Why do most things fail?  The most likely reason is covered in this post.  It is important to understand the stage of business development you are at.  Not every technical fix works for businesses at every stage of development. 

A common problem is using methods that work for businesses at later stages.  It is also possible to be stuck with a method that worked when your business was at an earlier stage.

Five Stages of Business Development

Let’s review five stages of business development.  Five is not a magic number.  Five offers a helpful rule of thumb.  It is always possible to go deeper if you need to.

Stage 1: Dreaming

At this stage, you work out your business purpose.  Why are you in business?  Use trial and error.  Try things until you find something that works.

This stage can be swift or slow (years slow).  Sometimes it takes a while to work out not just your strengths but what you can meet from your market’s needs.

You can make money at this stage and indeed you must be in business.  How else can you test an idea to see whether it is viable?

Once you turn over a few thousand a year, you are ready to move to stage 2.

Stage 2: Marketing and Selling

At this stage you work out how to market and sell products and services.  If you cannot sell over a cup of coffee, you cannot sell online.  You need to know, through conversations with potential customers, what sells; work out how to get them to sit down with you over coffee.

Move to stage 3 when you feel under pressure to meet the demands of your customers.  By then you may be turning over a few tens of thousands.

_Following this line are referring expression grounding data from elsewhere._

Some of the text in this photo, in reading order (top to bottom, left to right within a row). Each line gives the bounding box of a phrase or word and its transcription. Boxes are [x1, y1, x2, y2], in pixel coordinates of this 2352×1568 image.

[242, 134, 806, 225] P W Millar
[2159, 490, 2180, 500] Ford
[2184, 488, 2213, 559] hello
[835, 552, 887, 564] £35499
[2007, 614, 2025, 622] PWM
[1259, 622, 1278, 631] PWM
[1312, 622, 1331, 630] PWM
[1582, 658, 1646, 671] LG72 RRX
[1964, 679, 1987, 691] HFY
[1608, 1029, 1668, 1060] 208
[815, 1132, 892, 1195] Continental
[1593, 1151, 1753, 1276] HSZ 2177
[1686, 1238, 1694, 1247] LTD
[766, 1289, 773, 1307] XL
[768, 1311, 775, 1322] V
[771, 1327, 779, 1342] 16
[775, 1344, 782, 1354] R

Stage 3: Capacity Building

This is the stage most successful businesses reach.  Some pass through this stage with an eye to stages 4 and 5.  Others are content at stage 2 but wish to perhaps find more time by becoming more efficient.  This is not the place to go into detail but the main ways to build capacity are:

  • Automation – now you can sell online!
  • Increased prices
  • Buying in services
  • Employment of staff

Many use all four and so likely turnover is intermediate tens of thousands, up to the UK VAT threshold, perhaps. 

Stage 4: Mass Market

This is where you move out of your niche and build a mass market.  Whilst you must remain faithful to your business purpose (success is a frequent reason businesses lose their way) now you sell something with mass appeal.  You offer any flavour so long as it is vanilla.

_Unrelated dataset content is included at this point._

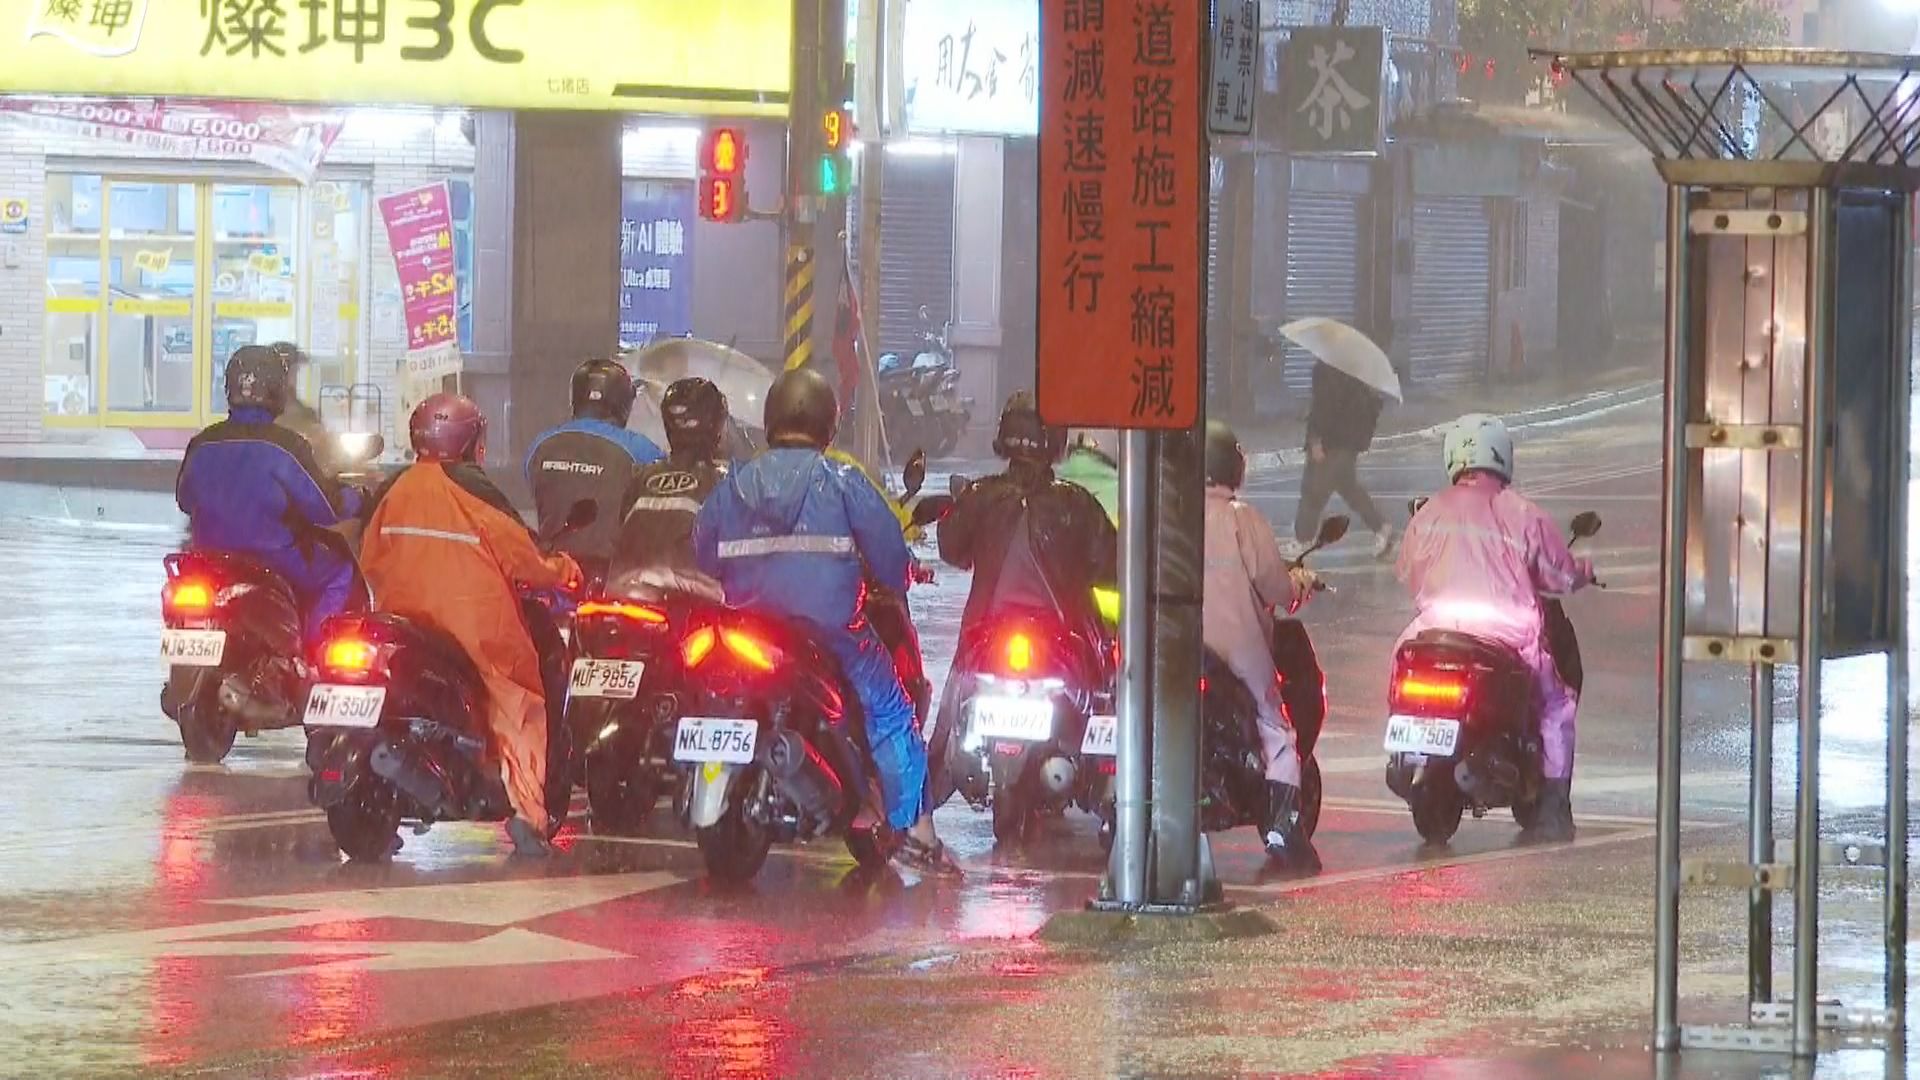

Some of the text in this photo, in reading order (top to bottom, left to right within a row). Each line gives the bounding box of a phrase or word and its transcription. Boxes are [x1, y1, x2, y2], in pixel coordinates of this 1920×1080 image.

[1296, 38, 1372, 141] 茶
[1130, 2, 1177, 417] 道路施工縮減
[678, 729, 753, 752] NKL-8756

This stage does not appeal to everyone. 

Stage 5: Guru Status

Now you sell more than one line to a mass market.  You are recognised by other businesses as the leader in the market. 

Reasons for Failure

Stage of business development is a frequent reason for failure because there are many ways of losing track of where you are.  Here are a few.

First, you leapfrog to a later stage.  This is a frequent issue for people starting out.  They are new to the marketplace and watch what others do.  Everyone’s going to a workshop about Facebook marketing and so you tag along.  It’ll work if you have something to sell and Facebook is right for your market.  If you don’t, maybe you are getting into Facebook too early. 

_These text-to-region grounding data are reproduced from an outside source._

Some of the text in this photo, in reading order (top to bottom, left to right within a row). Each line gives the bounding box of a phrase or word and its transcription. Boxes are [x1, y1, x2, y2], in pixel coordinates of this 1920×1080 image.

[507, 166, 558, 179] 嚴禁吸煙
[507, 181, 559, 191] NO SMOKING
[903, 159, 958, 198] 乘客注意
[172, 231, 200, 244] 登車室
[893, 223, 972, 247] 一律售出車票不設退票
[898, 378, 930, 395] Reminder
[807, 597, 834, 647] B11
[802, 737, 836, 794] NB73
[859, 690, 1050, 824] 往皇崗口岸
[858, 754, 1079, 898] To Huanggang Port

Another common problem is early success.  You can leapfrog stages 1 and 2 and go directly to 3.  This might happen where someone stumbles on something easy to sell.  They set up a business and it does well, requires loads of staff and shows great growth.  But what happens when demand falls? Now you have the responsibility of employing staff but no clear business purpose and no idea how to market or sell anything else. 

It is also possible to forget stages 1 and 2, if you are contemplating a move to stage 4.  The temptation at this stage is to compromise on quality.  Does compromise further your business purpose? 

Finding Solutions

My purpose in this series of posts is to identify likely reasons for failure.  It is not to suggest solutions.  Why? Every business is different.  What works for one business is a disaster for another. 

What can you do?  It helps to begin with two questions:

  1. How well do you know your own business?
  2. Do you know the stage of development your business is at? Whatever the reason for failure, it is coloured by the stage of business development. 

Coaching

Get a coach or non-directive consultant.  A good coach not only boosts your brain power (two heads are better than one!) but sees your business from a different perspective.  It is easy to get locked into one way of seeing things.  Tell yourself a story and the story enchants you.  Sometimes the perspective you take has obvious flaws; obvious when they are pointed out! 

A coach helps you find the perspective to move your work on.  For this reason, the coach need not be an expert in the business you occupy.  You need to be nudged, you don’t need someone to do the work for you!

Technical Solutions

Technical solutions are great so long as you choose the right ones.  For example, Facebook marketing might be the solution you seek.  It’s a proven method.  Go to a workshop on this topic and you find other business owners there too.  They’re there because it is a good, proven method.

Spend no more time on Facebook marketing than you need to eliminate it from your enquiries.  Putting time, money and energy into the wrong solution destroys your business.  If Facebook marketing destroys your business, it is not the fault of Facebook marketing.

Most likely, it is not appropriate to your stage of business development.  There may be other reasons it does not work.  But consider whether what you are trying to do right now is best helped by marketing through Facebook.

Conclusion

Stage of business development is an important element in the context of failure.  But businesses fail for other reasons and it is important to understand how context influences the solutions we bring to our business.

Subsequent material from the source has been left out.